I’m not sure about British law, but maybe he could have used a self-incrimination defense if his password was a horrid slur against the queen.
…Doesn’t even have to be the real thing… Just imagine them at the port of entry and our hapless citizen tells the officer:
“It’s ‘TheQueenIsASlut’ … no, no! No, that’s not it, that was last week. Um, I think it’s ‘TheQueenGivesFreeBlojobs’? Yes?! No? … Um, OK, well try ‘ElizabethLikesItInHer…’ . . . . ”
Imagine the hilarity!
“The most senior officer acknowledged that Rabbani had not been randomly stopped and was instead deliberately targeted for reasons that were not disclosed.”
So we can infer intelligence services tipped off airport security to hold this guy. We have this in the US, as well, except out police have to hide the fact that they were tipped off due to our 4th amendment. Its called parallel reconstruction, and Reuters did a fantastic article on it years ago: http://www.reuters.com/article/us-dea-sod/exclusive-u-s-directs-agents-to-cover-up-program-used-to-investigate-americans-idUSBRE97409R20130805
If they still have his devices, chances are they already hacked them at the hardware level, and are just being difficult at this point.
Unless it’s encrypted…
The judge agrees he should have the right to keep his information confidential, yet the police are keeping his laptop and phone in order to gain the confidential information.

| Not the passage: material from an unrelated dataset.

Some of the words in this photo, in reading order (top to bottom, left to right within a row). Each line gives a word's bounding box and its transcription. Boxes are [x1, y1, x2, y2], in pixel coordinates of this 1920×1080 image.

At least the bastards didn’t lock him up.
No wonder the terrorism label is so critical to lawmakers/law.
It is their right to know E V E R Y thing and punish beyond realism.
I am still waiting for the US to make a law that clearly states embarrassment cannot be used as the reason to accuse, indict, or prosecute whistleblowers.

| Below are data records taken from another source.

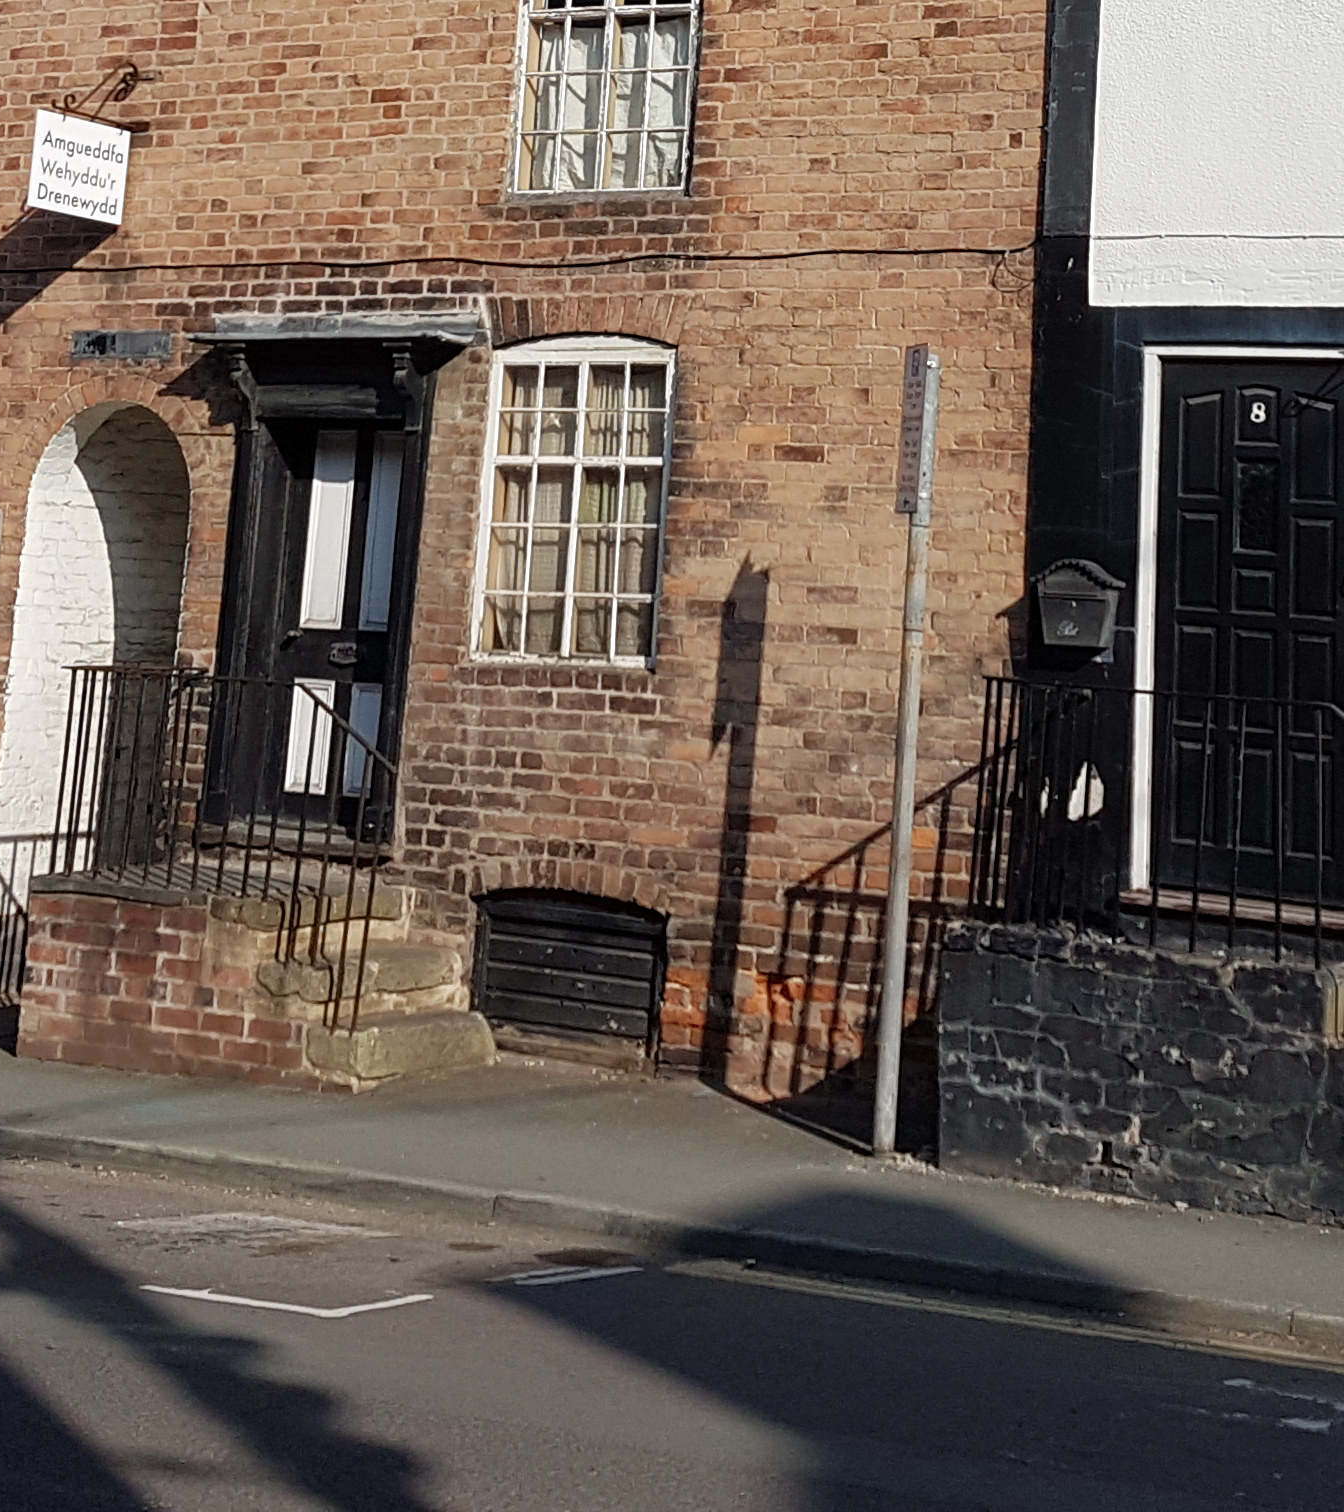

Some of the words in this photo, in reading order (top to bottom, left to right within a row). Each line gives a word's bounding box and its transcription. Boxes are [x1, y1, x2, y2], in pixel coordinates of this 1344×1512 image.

[42, 130, 124, 164] Amgueddfa
[40, 157, 116, 190] Wehyddu'r
[37, 183, 118, 216] Drenewydd
[1250, 402, 1266, 423] 8
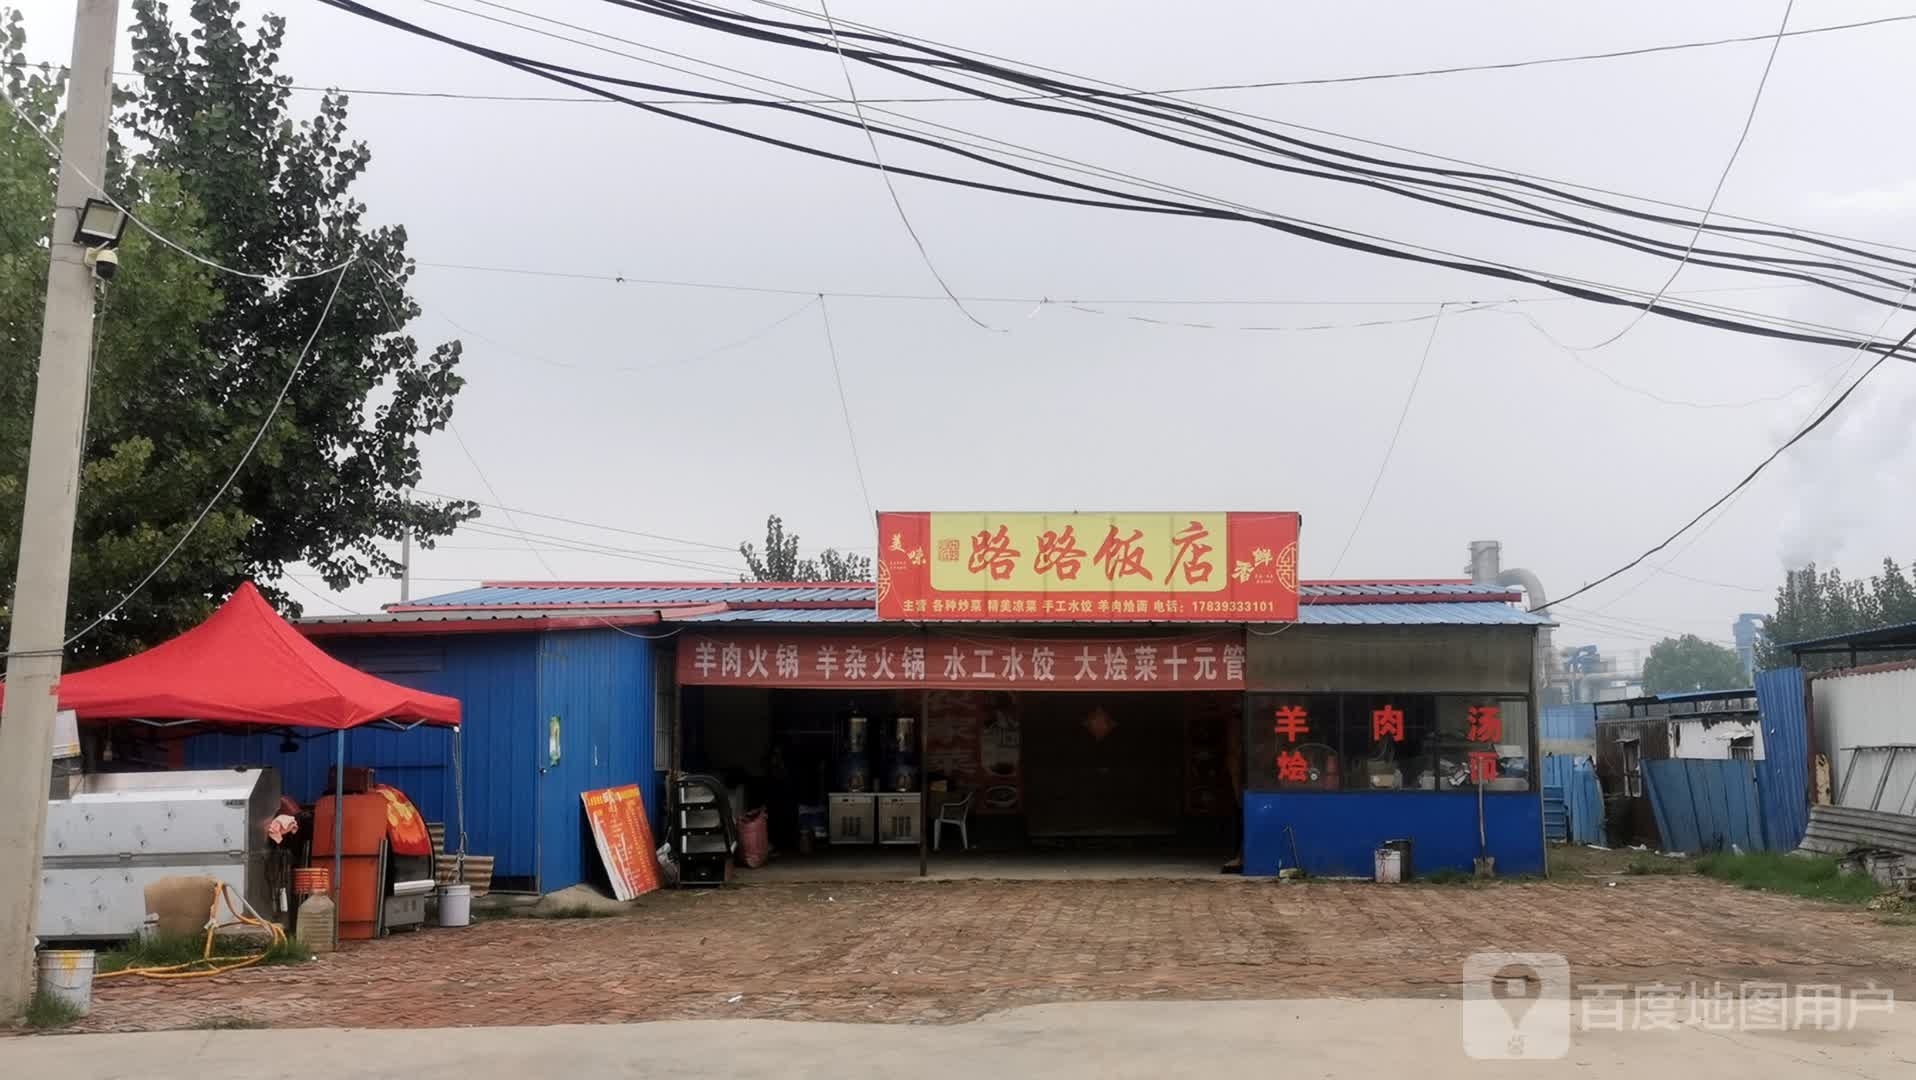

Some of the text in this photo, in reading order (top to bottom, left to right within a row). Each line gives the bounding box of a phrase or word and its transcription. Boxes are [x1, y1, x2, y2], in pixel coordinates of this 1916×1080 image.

[888, 532, 927, 566] 美味
[967, 520, 1213, 586] 路路饭店
[903, 600, 927, 613] 主营
[933, 600, 982, 613] 各种炒菜
[987, 600, 1037, 613] 精美凉菜
[1042, 600, 1093, 613] 手工水饺
[1098, 600, 1149, 613] 羊肉烩面
[1192, 601, 1274, 612] 17839333101
[694, 643, 1246, 682] 羊肉火锅 羊杂火锅 水工水饺 大烩菜十元管

This is a law that Jeremy Corbyn voted against. That he did so was used against him by the yellow media (BBC SUN Times etc) who claimed that it proved that he was ‘soft on terrorism’ .
It is very much to be hoped that once Labour has won the next election it will repeal this law. In the meantime any Labour MPs wishing to keep this law- passed with their support- should be de-selected by their constituencies.

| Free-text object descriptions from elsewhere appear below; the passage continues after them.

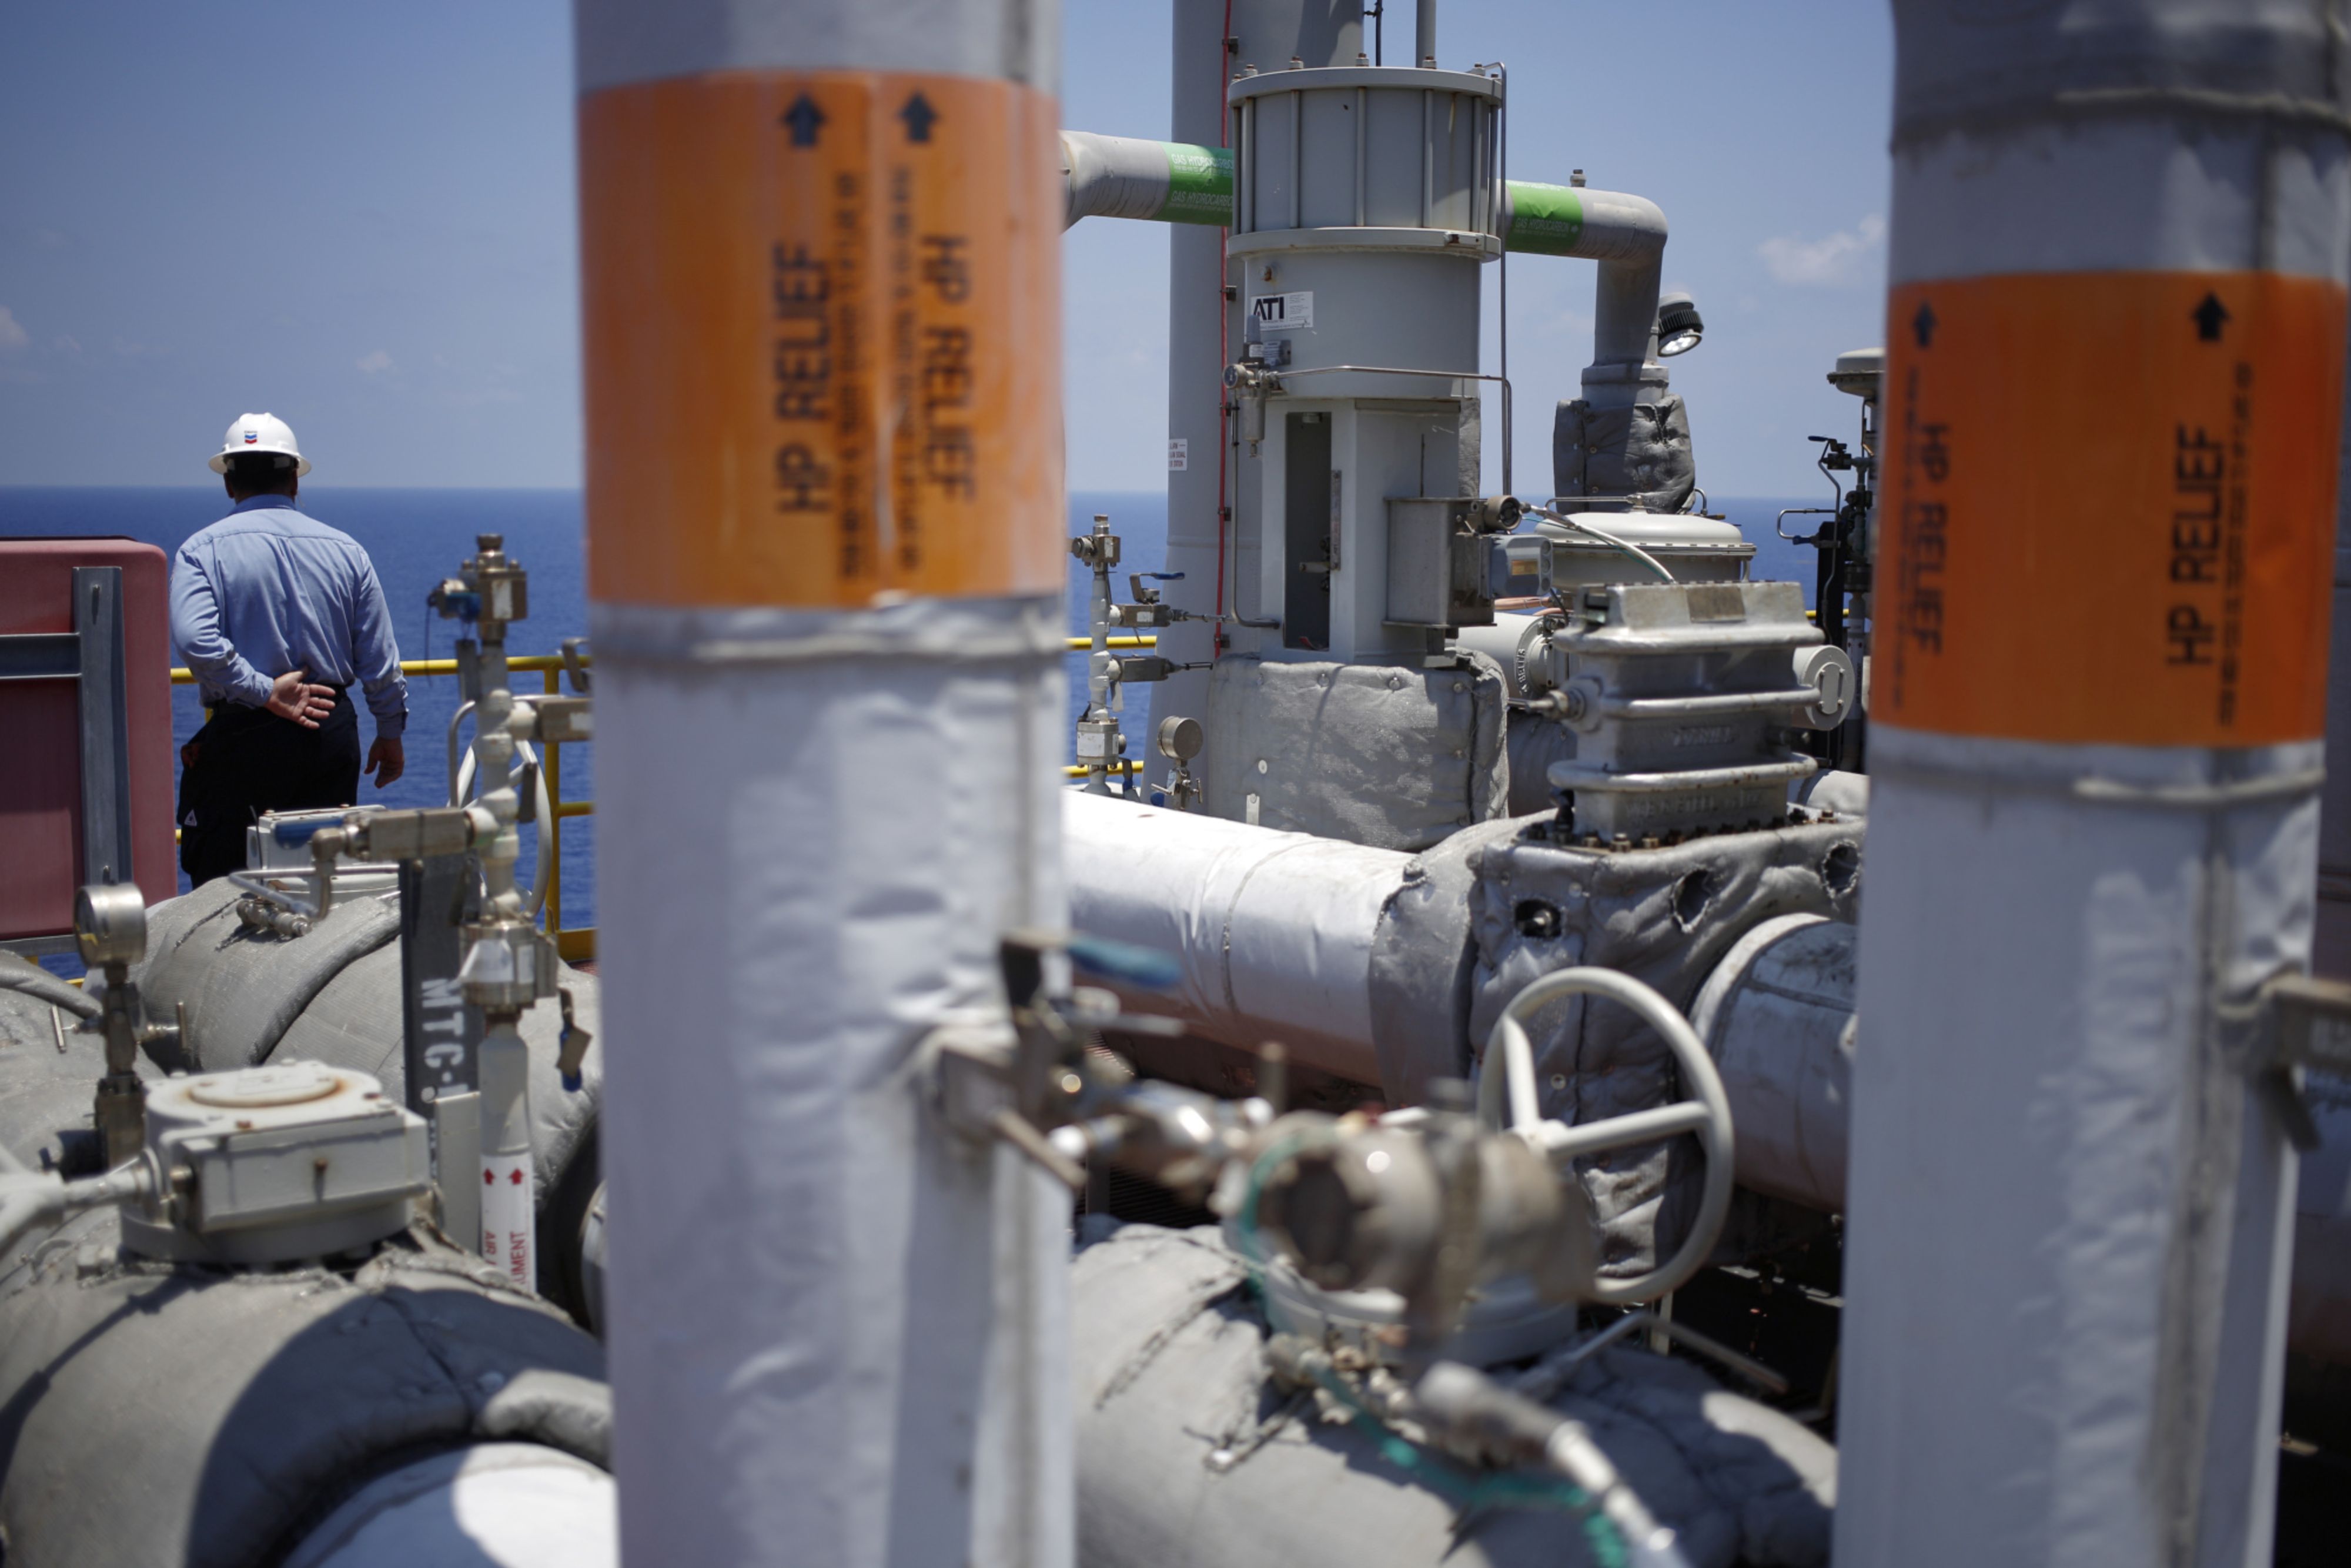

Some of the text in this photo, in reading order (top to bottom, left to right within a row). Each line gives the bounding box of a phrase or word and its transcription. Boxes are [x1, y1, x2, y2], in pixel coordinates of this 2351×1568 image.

[1171, 153, 1186, 165] GAS
[1172, 190, 1186, 203] GAS
[1253, 296, 1283, 320] ATI
[774, 240, 831, 515] HP RELIEF
[921, 236, 975, 504] HP RELIEF
[1911, 423, 1949, 657] HP RELIEF
[2166, 423, 2224, 667] HP RELIEF
[484, 1230, 497, 1255] AIR
[509, 1231, 527, 1285] UMENT

You assume that the British public would have any empathy for a terrorist-lookalike. We have to wait for a more sympathetic victim comes forward.
Would Yusuf Islam do?
The police claim that Rabbani did not inform them at the time that his devices contained information protected under Schedule 7.
That would excuse their continuing to try to access his data — at the time.
Now they know the data is protected. What is their excuse?
So, he was targeted for reasons that are secret. A Terrorism Act offense will be recorded on his criminal record, which means he can not travel to many countries any more for his work. In case he had told the officers that the information was related to work he wouldn’t have been convicted?
This is supposed to keep us safe.
It seems very important to appeal this verdict.
If criminal case is over, why do police still have his possessions? Also, if he is, as the judge says, “of good character”, why would the courts not give a lighter (non-terrorism related) charge in its place? This seems to wrong on so many levels but these two things came to mind first. It seems that things included in this law have not changed to really help people in this situation, since the injustices done to Mr Miranda. Sad.
When people in authority abuse their power, I’m a great believer in the “heads on pikes and ask questions later” option. I call it the “stand your ground by erecting your favorite totem” law.